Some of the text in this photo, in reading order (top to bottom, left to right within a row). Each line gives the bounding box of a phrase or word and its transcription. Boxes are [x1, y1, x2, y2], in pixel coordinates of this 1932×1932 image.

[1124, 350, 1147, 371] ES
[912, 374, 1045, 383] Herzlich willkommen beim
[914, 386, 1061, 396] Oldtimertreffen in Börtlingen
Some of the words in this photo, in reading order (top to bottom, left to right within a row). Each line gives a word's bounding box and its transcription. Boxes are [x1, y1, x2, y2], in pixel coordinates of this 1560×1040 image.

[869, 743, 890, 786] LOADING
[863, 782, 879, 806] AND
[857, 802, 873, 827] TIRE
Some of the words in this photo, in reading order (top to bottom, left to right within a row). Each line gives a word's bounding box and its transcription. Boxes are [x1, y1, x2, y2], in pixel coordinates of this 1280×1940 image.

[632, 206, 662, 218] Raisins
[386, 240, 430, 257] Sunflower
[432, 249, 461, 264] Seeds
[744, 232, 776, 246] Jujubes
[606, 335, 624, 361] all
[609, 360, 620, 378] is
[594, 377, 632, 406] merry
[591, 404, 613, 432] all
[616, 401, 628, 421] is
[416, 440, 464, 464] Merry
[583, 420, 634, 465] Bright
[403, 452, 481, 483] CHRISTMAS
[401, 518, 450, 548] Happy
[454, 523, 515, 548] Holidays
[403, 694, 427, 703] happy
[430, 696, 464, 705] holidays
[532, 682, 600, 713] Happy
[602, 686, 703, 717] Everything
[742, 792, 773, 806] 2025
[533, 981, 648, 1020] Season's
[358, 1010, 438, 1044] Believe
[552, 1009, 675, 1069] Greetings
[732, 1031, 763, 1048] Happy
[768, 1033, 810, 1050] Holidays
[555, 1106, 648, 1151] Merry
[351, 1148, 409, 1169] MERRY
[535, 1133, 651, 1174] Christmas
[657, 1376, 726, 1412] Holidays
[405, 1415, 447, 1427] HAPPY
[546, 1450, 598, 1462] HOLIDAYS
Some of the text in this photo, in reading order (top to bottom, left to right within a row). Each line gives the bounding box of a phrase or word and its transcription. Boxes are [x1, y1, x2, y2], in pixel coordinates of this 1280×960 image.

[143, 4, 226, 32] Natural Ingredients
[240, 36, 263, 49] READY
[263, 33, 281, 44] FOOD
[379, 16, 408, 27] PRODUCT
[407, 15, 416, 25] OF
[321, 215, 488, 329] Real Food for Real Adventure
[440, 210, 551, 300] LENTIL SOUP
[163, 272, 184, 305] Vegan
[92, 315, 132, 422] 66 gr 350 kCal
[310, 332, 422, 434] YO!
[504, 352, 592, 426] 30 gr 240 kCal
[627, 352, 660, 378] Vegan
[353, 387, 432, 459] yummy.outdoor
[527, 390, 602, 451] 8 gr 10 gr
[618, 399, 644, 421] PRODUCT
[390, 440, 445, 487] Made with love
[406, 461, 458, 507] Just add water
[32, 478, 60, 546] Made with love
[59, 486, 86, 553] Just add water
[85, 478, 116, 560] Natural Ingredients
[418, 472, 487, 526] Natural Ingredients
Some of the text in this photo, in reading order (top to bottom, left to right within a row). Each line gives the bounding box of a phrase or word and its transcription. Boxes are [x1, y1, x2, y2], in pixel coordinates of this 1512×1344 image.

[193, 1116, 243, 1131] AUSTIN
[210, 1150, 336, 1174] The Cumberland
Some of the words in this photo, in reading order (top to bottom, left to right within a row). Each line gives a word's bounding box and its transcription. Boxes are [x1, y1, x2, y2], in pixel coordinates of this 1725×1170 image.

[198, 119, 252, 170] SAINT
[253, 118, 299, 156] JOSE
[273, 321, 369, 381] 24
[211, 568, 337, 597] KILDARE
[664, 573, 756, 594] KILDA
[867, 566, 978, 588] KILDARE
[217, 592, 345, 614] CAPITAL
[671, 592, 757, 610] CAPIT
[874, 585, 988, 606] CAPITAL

*WHAT YOU NEED TO DO*. Starting at the line that contains "this 1725×1170 image.", repeat each line exactly through the last one in the listing. Include both of those lines and nothing more.

*TASK RESPONSE*.
Some of the words in this photo, in reading order (top to bottom, left to right within a row). Each line gives a word's bounding box and its transcription. Boxes are [x1, y1, x2, y2], in pixel coordinates of this 1725×1170 image.

[198, 119, 252, 170] SAINT
[253, 118, 299, 156] JOSE
[273, 321, 369, 381] 24
[211, 568, 337, 597] KILDARE
[664, 573, 756, 594] KILDA
[867, 566, 978, 588] KILDARE
[217, 592, 345, 614] CAPITAL
[671, 592, 757, 610] CAPIT
[874, 585, 988, 606] CAPITAL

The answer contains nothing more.